The economy is cyclical. You expand, peak, fall back, then contract...rinse and repeat. Politicians can speed it up, slow it down, whatever....but it's going to happen in that order. You can't have constant growth no matter who's at the helm. We are now in a recession. What happens this week in the market is going to determine the next six months or so, since you have earnings releases for the biggest tech stocks on the nasdaq. Gold is a safehaven when investors don't know where else to put their money. Silver is an industrial commodity that tracks well with oil, but also with growth. Copper is shooting up right now on concerns of supply due to COVID 19 and Chilean mine workers strike. The other metals really sorta suck. 

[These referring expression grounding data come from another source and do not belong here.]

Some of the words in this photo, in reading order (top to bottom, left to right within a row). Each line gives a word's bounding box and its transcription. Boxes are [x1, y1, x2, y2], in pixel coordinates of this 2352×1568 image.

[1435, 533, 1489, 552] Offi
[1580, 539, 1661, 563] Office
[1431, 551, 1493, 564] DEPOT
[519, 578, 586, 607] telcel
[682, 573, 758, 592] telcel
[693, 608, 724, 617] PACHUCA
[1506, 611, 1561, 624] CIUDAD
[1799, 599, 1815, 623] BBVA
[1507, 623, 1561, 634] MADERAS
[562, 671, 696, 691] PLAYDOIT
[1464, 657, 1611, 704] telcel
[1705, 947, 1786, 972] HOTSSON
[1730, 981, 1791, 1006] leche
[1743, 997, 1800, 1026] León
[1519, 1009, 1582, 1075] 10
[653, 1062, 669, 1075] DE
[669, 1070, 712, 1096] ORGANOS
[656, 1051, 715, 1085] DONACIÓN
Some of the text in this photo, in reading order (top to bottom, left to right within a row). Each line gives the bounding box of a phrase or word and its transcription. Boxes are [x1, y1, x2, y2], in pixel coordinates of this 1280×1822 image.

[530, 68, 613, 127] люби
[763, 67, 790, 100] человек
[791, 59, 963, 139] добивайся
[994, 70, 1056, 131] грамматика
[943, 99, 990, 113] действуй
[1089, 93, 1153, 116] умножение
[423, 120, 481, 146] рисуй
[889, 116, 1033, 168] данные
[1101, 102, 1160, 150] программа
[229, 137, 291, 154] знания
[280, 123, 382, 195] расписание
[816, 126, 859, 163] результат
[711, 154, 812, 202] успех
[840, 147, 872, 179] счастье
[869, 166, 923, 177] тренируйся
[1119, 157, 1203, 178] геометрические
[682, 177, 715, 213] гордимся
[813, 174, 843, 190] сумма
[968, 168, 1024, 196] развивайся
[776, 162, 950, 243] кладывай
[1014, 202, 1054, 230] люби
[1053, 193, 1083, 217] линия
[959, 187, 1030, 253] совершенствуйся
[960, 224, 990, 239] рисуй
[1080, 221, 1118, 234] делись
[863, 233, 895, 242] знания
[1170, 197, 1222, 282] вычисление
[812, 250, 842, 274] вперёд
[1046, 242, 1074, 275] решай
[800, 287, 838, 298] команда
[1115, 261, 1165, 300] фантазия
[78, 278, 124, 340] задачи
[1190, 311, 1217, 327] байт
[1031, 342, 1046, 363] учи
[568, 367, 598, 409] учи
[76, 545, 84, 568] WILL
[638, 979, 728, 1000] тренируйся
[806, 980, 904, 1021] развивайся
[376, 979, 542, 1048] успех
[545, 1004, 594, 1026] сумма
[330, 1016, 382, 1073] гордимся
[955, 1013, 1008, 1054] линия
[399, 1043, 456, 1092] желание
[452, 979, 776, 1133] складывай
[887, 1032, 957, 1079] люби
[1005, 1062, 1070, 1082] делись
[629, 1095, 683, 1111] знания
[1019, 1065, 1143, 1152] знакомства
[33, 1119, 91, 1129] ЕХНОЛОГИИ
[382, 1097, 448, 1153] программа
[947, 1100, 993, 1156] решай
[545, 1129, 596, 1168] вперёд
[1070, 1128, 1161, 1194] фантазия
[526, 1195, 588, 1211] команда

Food is going up not because of inflation (yet) but because of supply chain disruptions and demand. Yesterday there was a snipped on the radio about a beer can shortage. Where people used to drink out of kegs, now they are drinking at home and this has stressed aluminum can production. Some less popular drinks are getting discontinued to use the cans for more popular. We have changed how we eat, and where we get our food from. 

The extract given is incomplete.